EXERCISE DETAILS:
Each line from the one with "this 1600×1205 image." through the final line of the entries below must be printed exactly, and the pictures must not be.

DATA FOR THE TASK:
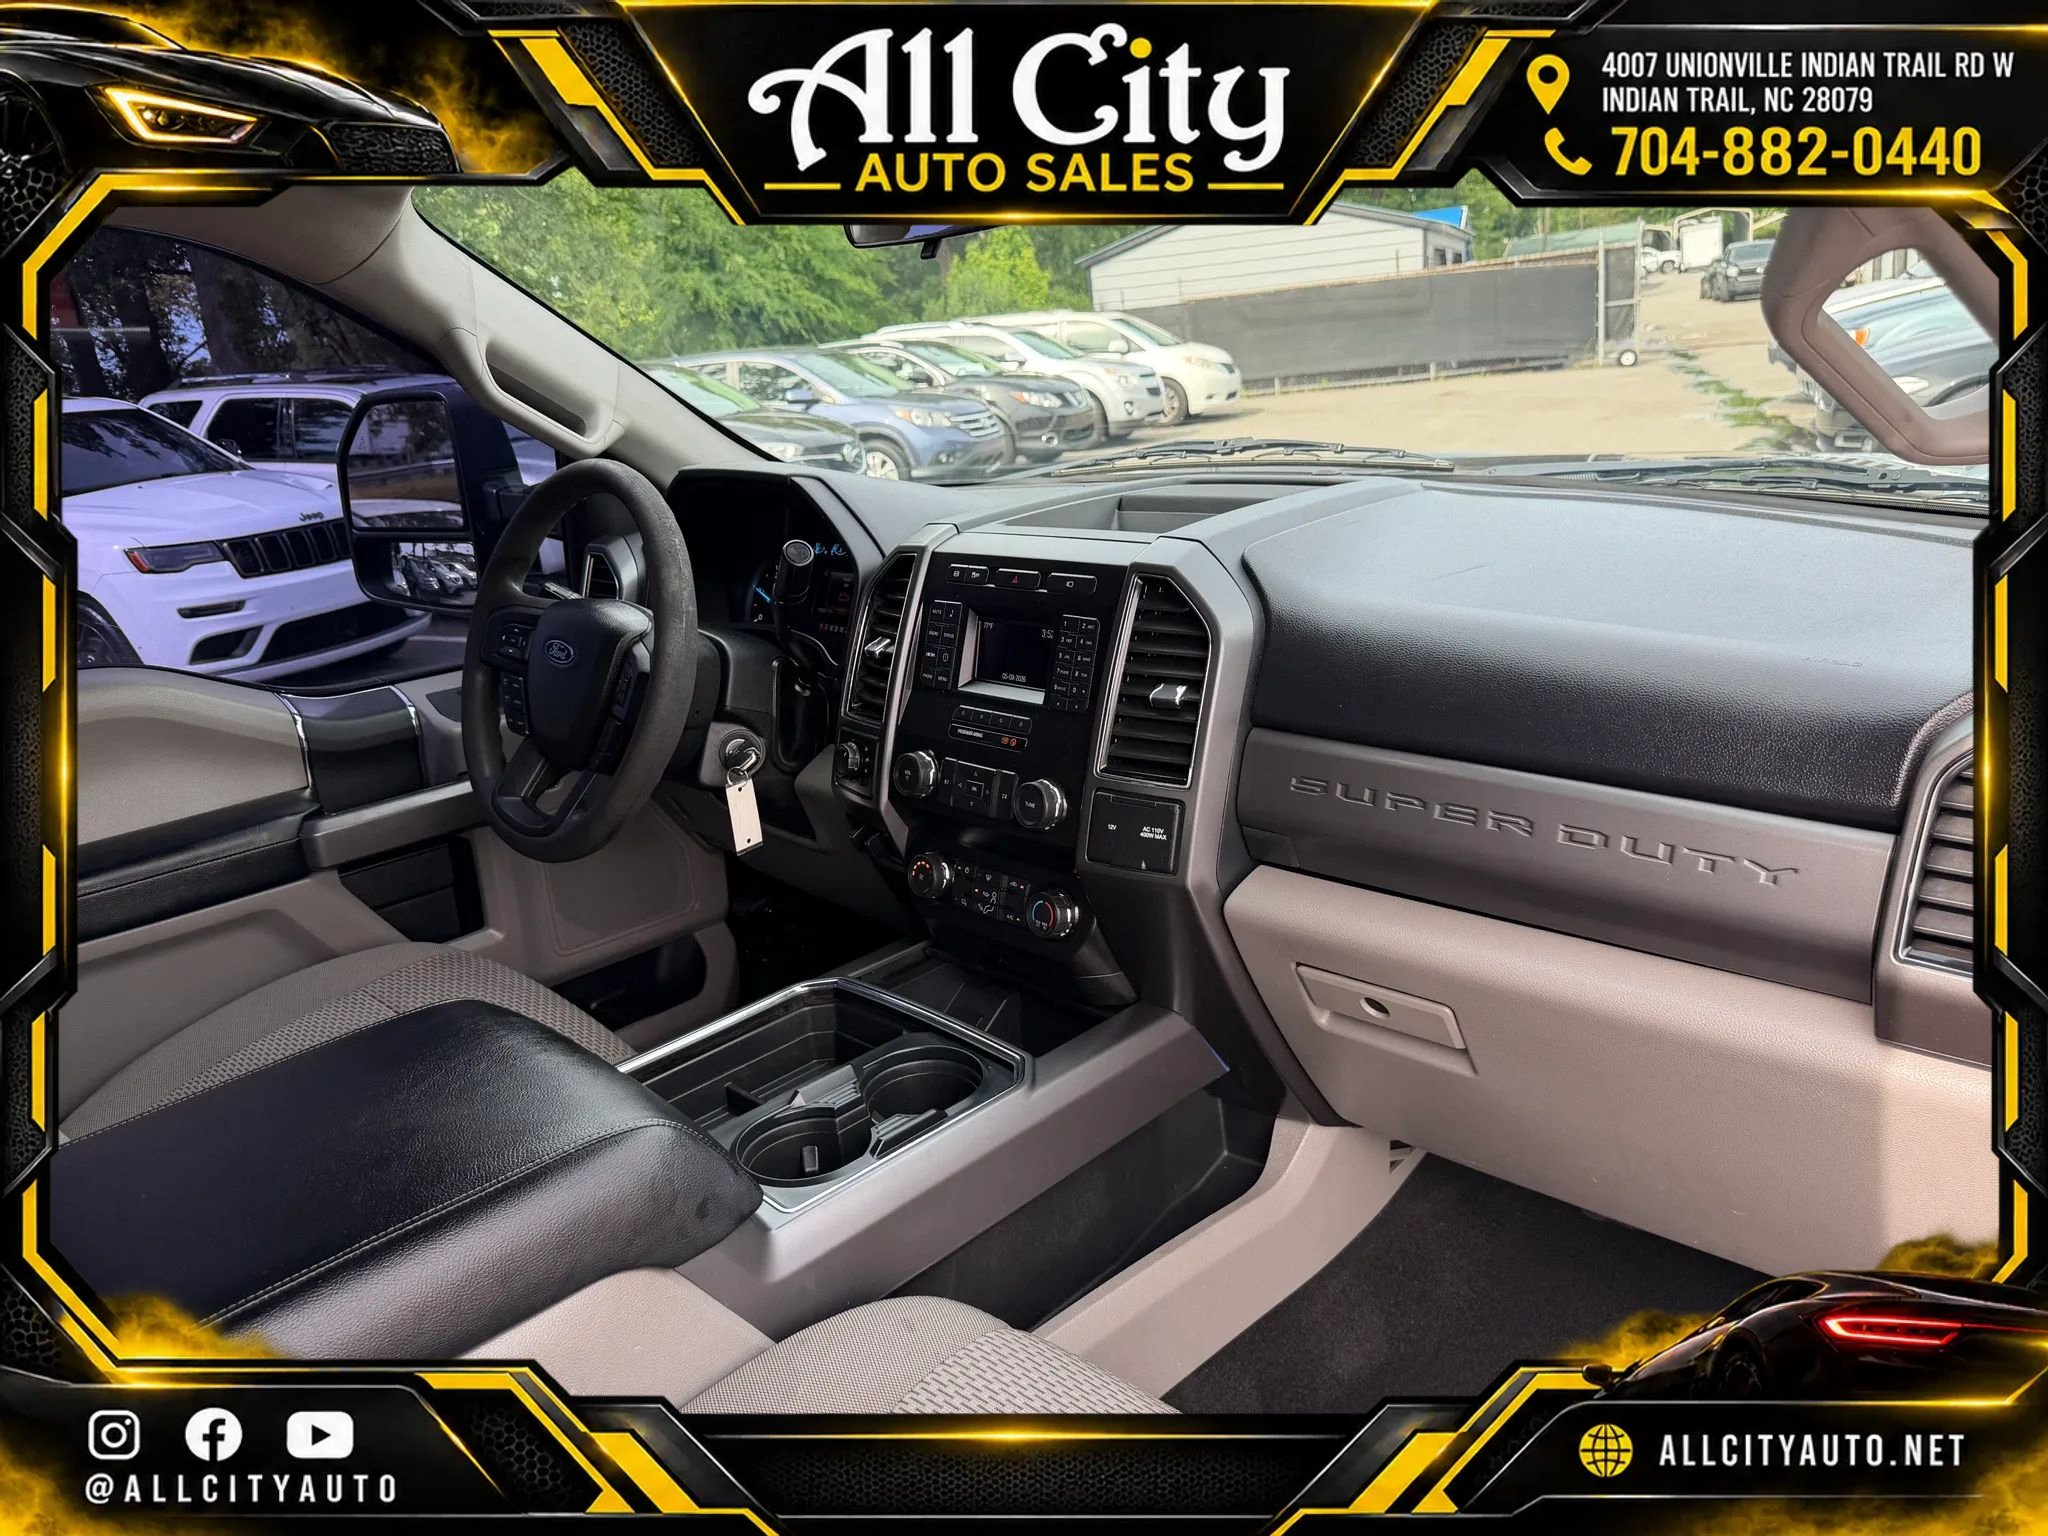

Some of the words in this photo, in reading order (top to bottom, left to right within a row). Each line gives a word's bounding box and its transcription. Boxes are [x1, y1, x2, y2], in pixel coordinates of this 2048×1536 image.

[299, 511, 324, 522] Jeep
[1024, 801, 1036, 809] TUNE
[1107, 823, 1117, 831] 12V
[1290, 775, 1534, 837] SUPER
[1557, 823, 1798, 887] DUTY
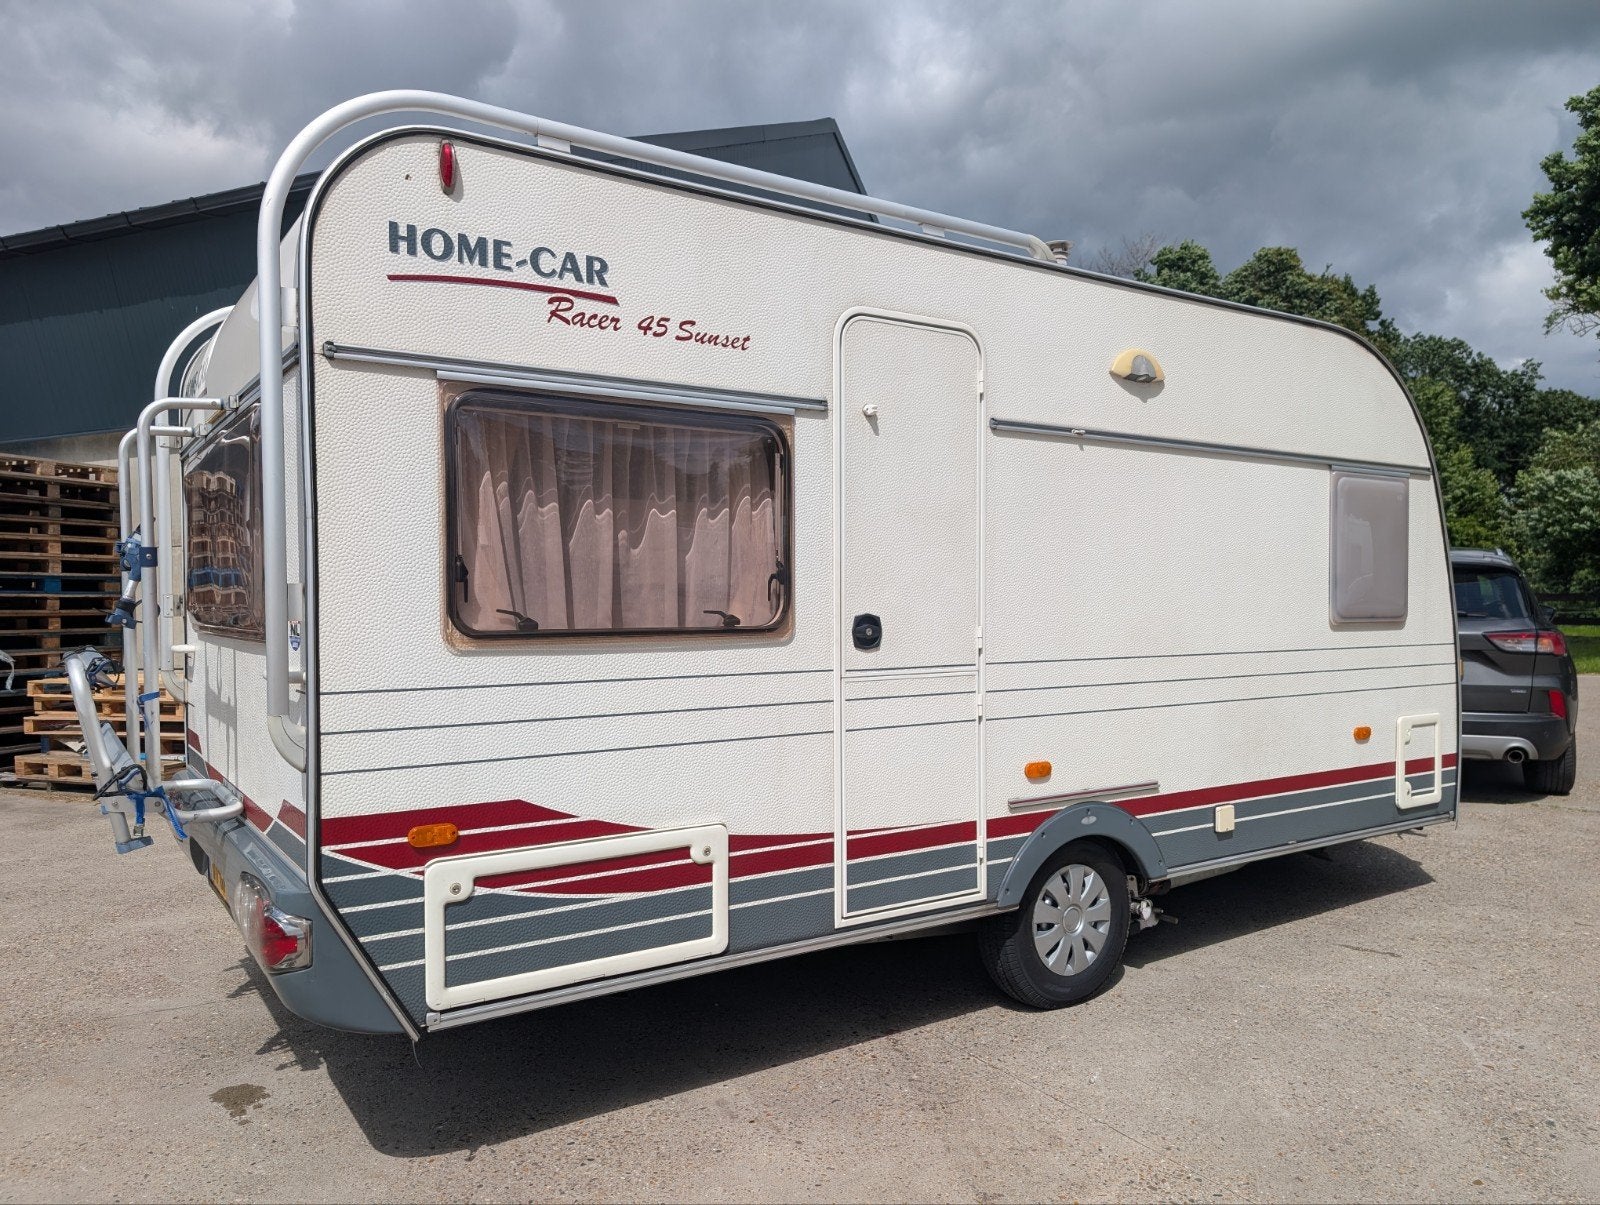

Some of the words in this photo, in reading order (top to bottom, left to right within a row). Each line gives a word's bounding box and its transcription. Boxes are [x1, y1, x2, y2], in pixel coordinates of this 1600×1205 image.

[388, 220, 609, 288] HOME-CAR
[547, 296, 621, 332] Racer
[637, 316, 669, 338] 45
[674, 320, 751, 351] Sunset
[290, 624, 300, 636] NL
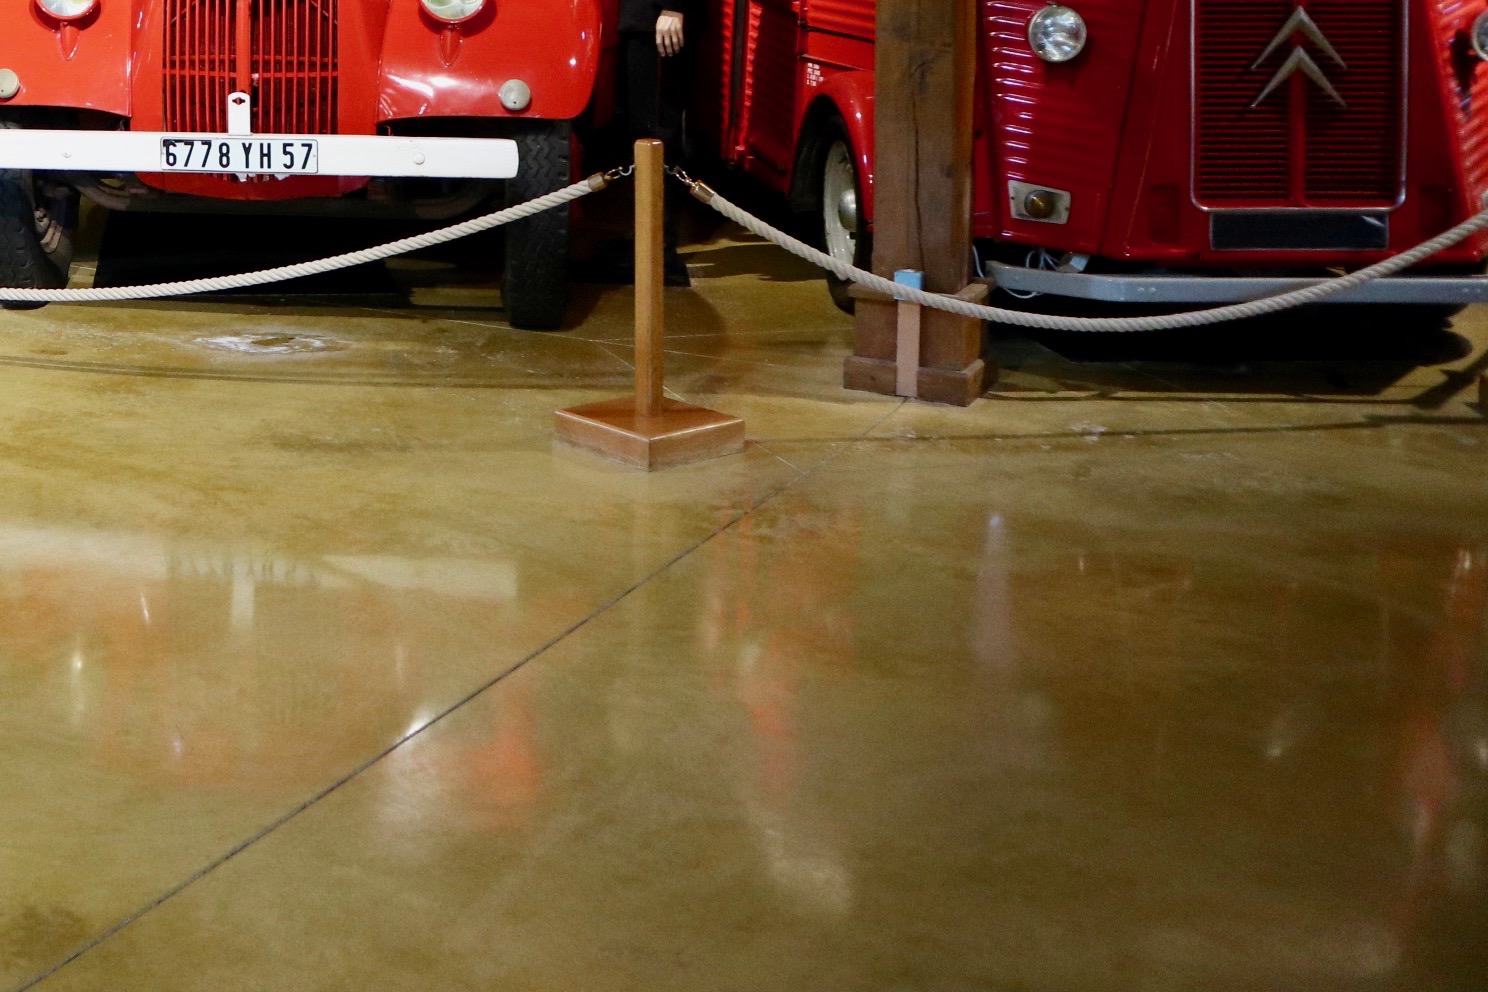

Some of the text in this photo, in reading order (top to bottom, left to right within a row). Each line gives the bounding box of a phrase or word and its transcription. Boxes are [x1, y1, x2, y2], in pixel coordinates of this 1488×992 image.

RESULT OF THE EXERCISE:
Some of the words in this photo, in reading order (top to bottom, left to right within a row). Each line gives a word's bounding box and its transcription. Boxes are [x1, y1, x2, y2], in pixel coordinates of this 1600×1205 image.

[388, 220, 609, 288] HOME-CAR
[547, 296, 621, 332] Racer
[637, 316, 669, 338] 45
[674, 320, 751, 351] Sunset
[290, 624, 300, 636] NL

Some of the text in this photo, in reading order (top to bottom, left to right within a row). Each line gives the bounding box of a phrase or word and its transcription. Boxes are [x1, y1, x2, y2], in pixel coordinates of this 1488×992 image.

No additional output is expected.